Usubac - front-end

Published on 2020-02-26 by Darius Mercadier

Usuba’s compiler, Usubac, consists of two phases: the front-end, whose role is to distill Usuba’s high-level constructs into a minimal core language, and the back-end, which performs optimizations over the core language. The core language, called Usuba0, amounts to dataflow graphs of Boolean and arithmetic operators. In its final pass, the back-end translate Usuba0 to C code with intrinsics. The whole pipeline is shown bellow:

In this post, we will present the front-end. The back-end will be presented in a later post. The “Masking” and “tightPROVE+” passes add countermeasures against power-based side-channel attacks in the codes generated by Usubac. They are both optional, and will be discussed in a separate post.

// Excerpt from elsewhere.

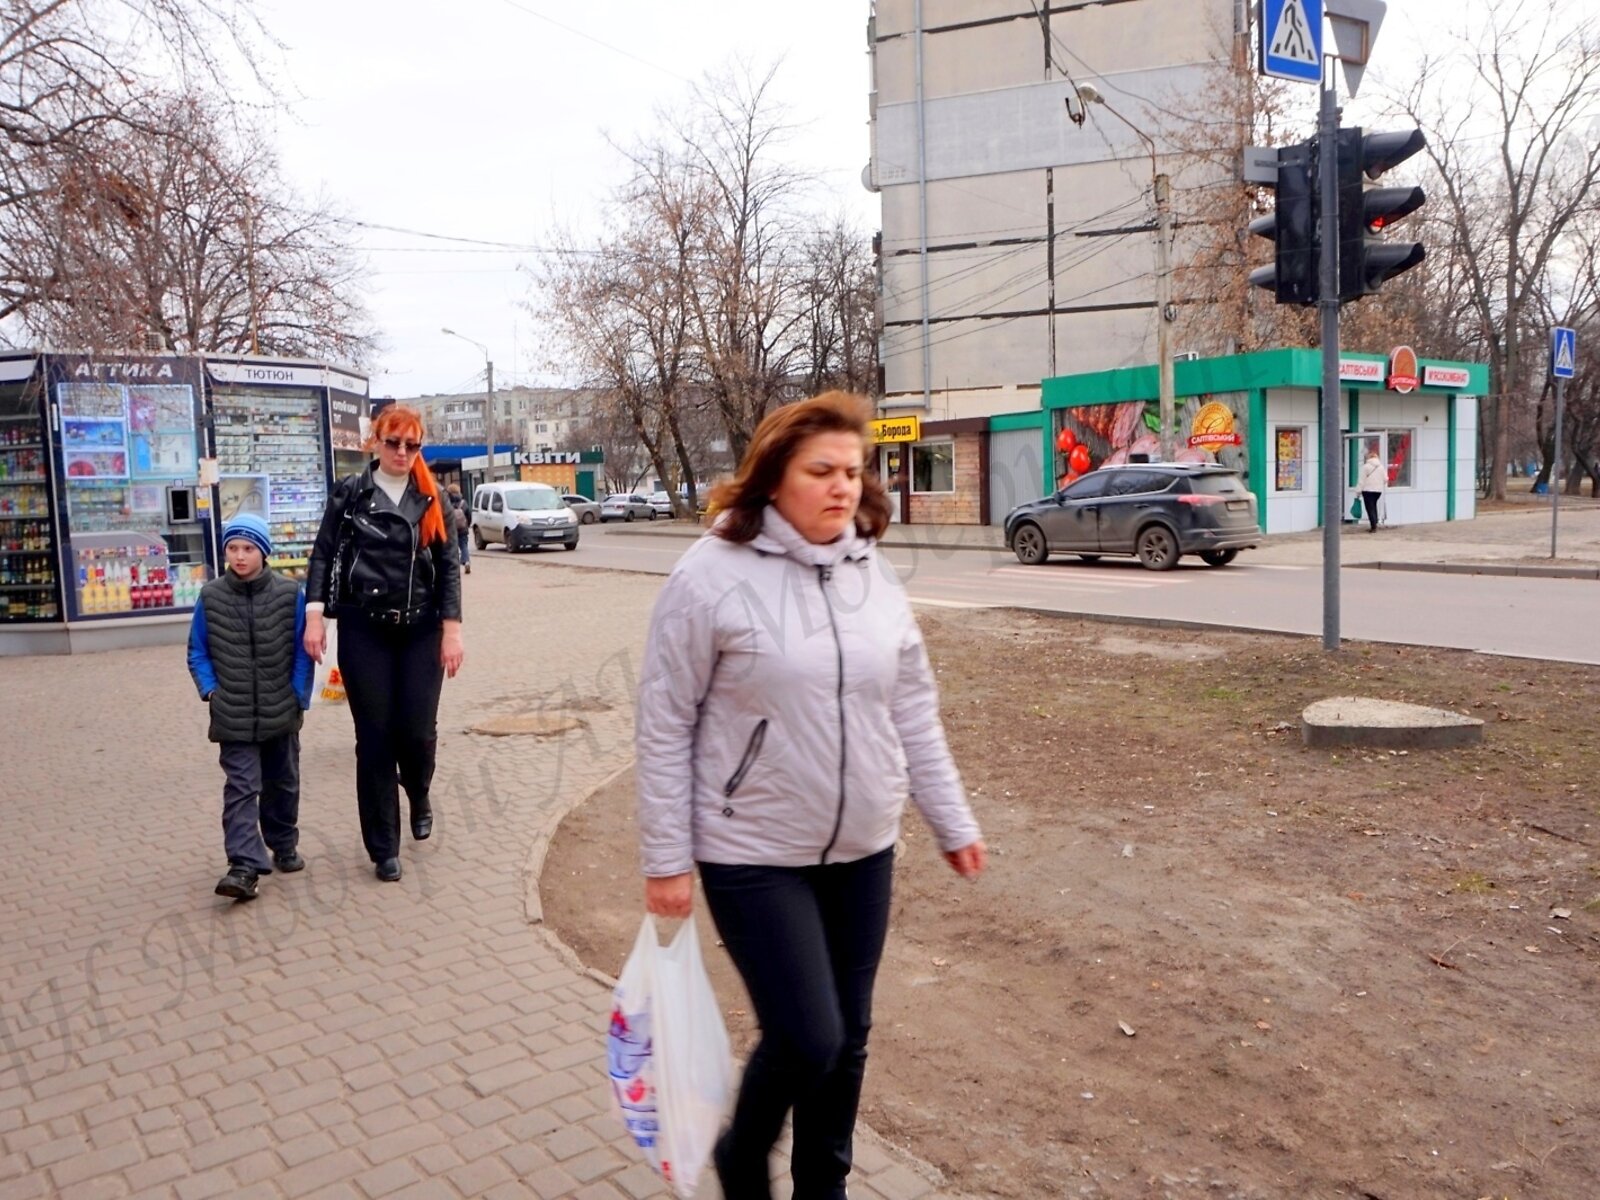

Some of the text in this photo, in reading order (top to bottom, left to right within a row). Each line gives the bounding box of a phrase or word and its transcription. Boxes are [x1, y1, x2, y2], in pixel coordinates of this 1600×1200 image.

The front-end extends the usual compilation pipeline of synchronous dataflow languages [1, 2], namely normalization and scheduling, with domain-specific transformations. Normalization enforces that, aside from nodes, equations are restricted to defining variables at integer type. Scheduling checks that a given set of equations is well-founded and constructively provides an ordering of equations for which a sequential execution yields a valid result. In our setting, scheduling has to be further refined to produce high-performance code: scheduling belongs to the compiler’s back-end.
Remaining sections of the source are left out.